» Action item: Where a picture appears, skip it; print everything else in the records exactly as it stands.

» Provided data:

● ● ●

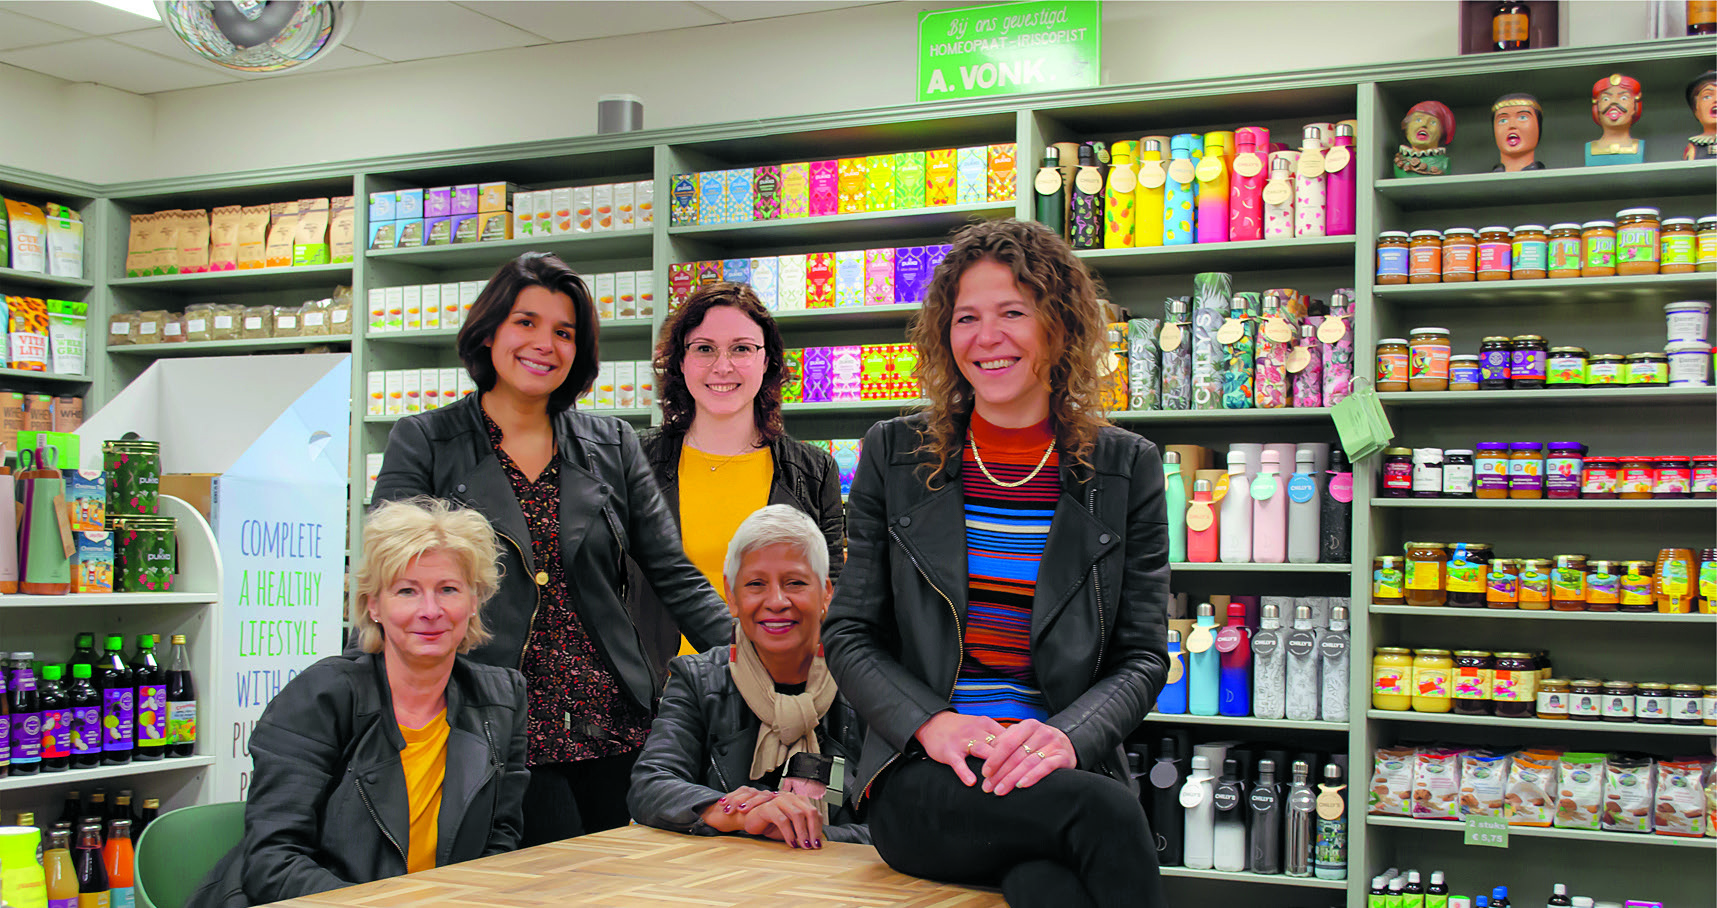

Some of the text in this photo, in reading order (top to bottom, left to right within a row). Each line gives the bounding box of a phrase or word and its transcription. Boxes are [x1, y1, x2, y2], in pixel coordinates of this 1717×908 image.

[947, 6, 1068, 39] Bij ons gevestigd
[927, 68, 955, 94] A.
[1131, 342, 1144, 408] CHILLY'S
[1194, 312, 1211, 404] CHILLY'S
[241, 519, 322, 559] COMPLETE
[238, 569, 322, 608] A HEALTHY
[239, 619, 318, 658] LIFESTYLE
[236, 668, 280, 709] WITH
[1469, 819, 1506, 830] 2 stuks

● ● ●

» Exercise solution:
Some of the text in this photo, in reading order (top to bottom, left to right within a row). Each line gives the bounding box of a phrase or word and its transcription. Boxes are [x1, y1, x2, y2], in pixel coordinates of this 1717×908 image.

[947, 6, 1068, 39] Bij ons gevestigd
[927, 68, 955, 94] A.
[1131, 342, 1144, 408] CHILLY'S
[1194, 312, 1211, 404] CHILLY'S
[241, 519, 322, 559] COMPLETE
[238, 569, 322, 608] A HEALTHY
[239, 619, 318, 658] LIFESTYLE
[236, 668, 280, 709] WITH
[1469, 819, 1506, 830] 2 stuks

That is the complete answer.